Search Engines are likely the most important websites that exist on the internet. It's no coincidence that Google is a behemoth. Depending on where you get your information from,
people use Google to find what they are looking for at an approximate 5-to-1 ratio compared to the next most frequently used search engine. That is power. Google especially, but all
search engines influence the way we access and use the internet.
The problem with all roads going through search engines, from a business and marketing point of view, is that there is no oversight or code of ethics or published standard operating
procedures they have to live by. Search Engines do what they want, what they decide is the best practice for their business. Their goals are the same as any other business: increase revenue,
reduce costs, grow shareholder profits, etc. In short, make money. Those goals align with steady and reliable traffic, the same as any other website. If nobody uses a
search engine, that search engine is not likely to exist for a very long time. What that means is that search engines are not likely to do anything so radical that they alienate or
lose their users, and that is good news for the rest of us who depend on search engines to let the people of the world find our sites. But what that doesn't guarantee is that a search engine
won't tweak a formula here or there that ranks search results sending your site from its comfortable spot on the 1st page to the no-man's-land of page 2 and beyond.

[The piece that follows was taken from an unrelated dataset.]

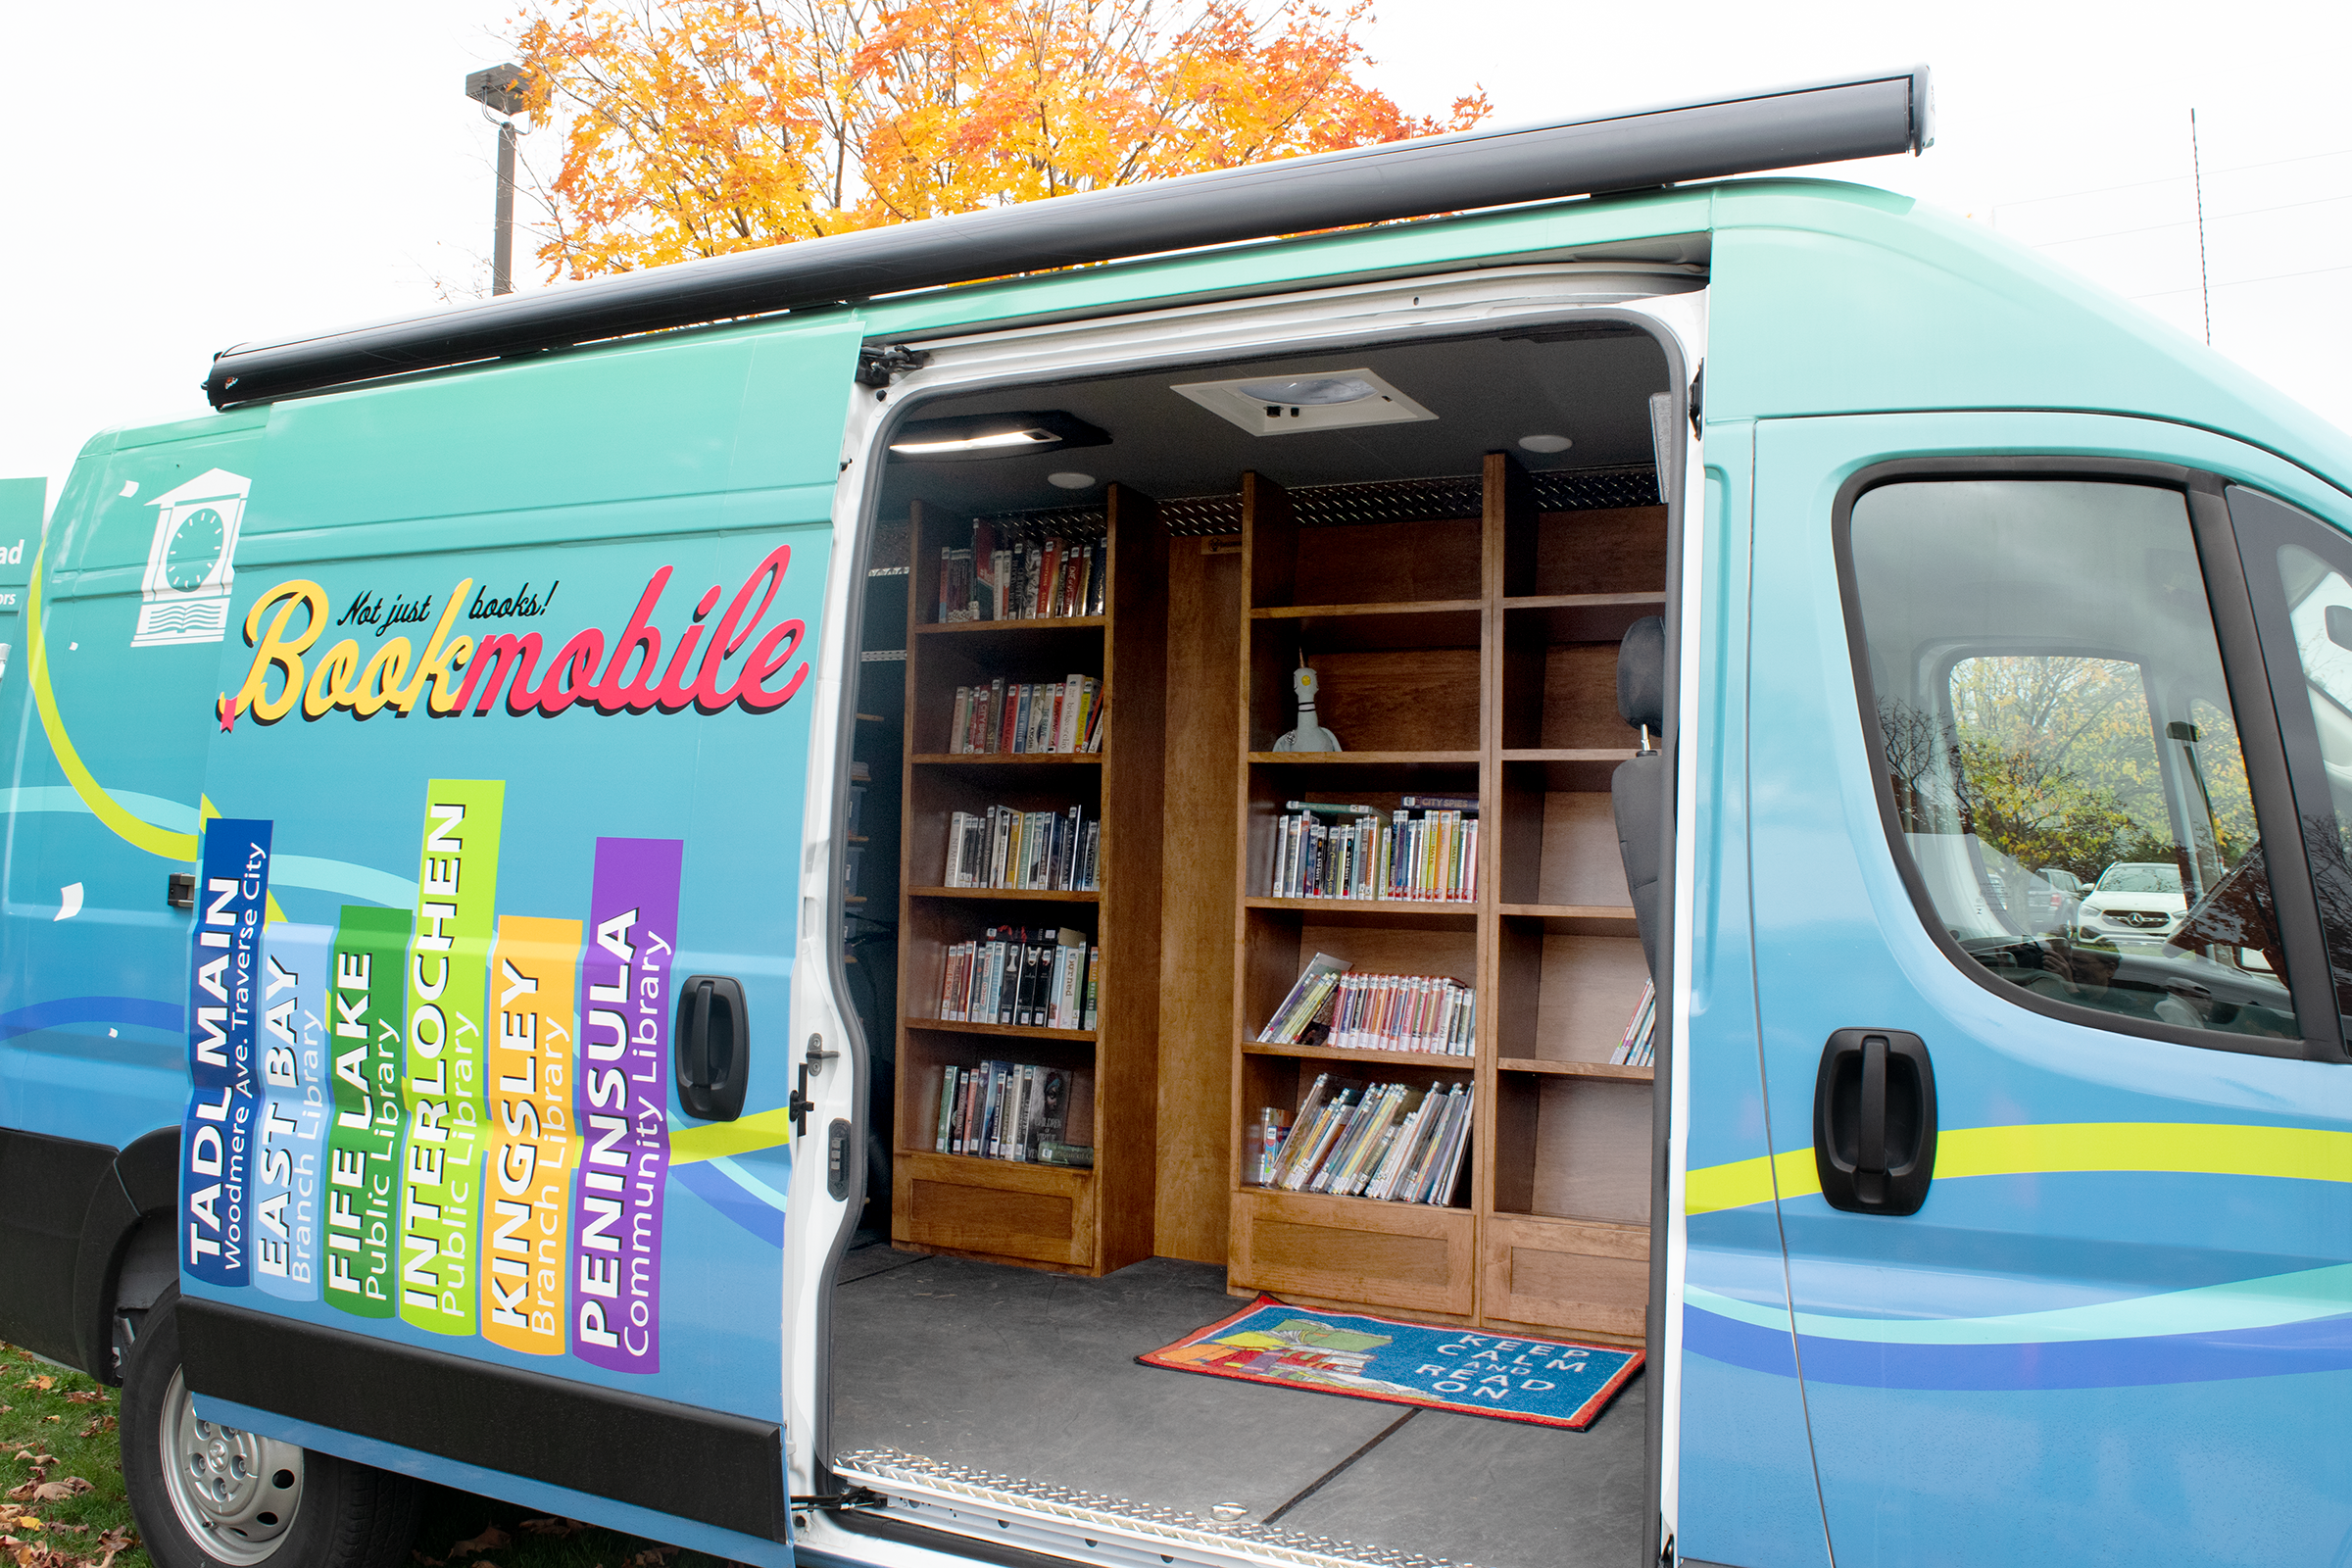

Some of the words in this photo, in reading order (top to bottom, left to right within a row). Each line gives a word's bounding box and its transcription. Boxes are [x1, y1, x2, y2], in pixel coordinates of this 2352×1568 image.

The point is, search engines are not public entites nor are they altruisitic. They do what they want, when they want, for whatever reason they want. Google has been known to
'delist' sites and, coversely, they can bump up sites they like, sites they feel deserve the exposure. There are no rules here beyond maintain users, maintain traffic, and the search
eninges will continue to do that so long as they return relevant search results, regardless of what that means to your particular site. If your site goes away, drops off the top page,
how many others do you think are out there waiting to take its place?
So don't get too comfortable. Be flexible and continue learning, because you never know when the search engine landscape is going to shift and you're going to have to stay balanced
or everything you built is going to crumble down around you.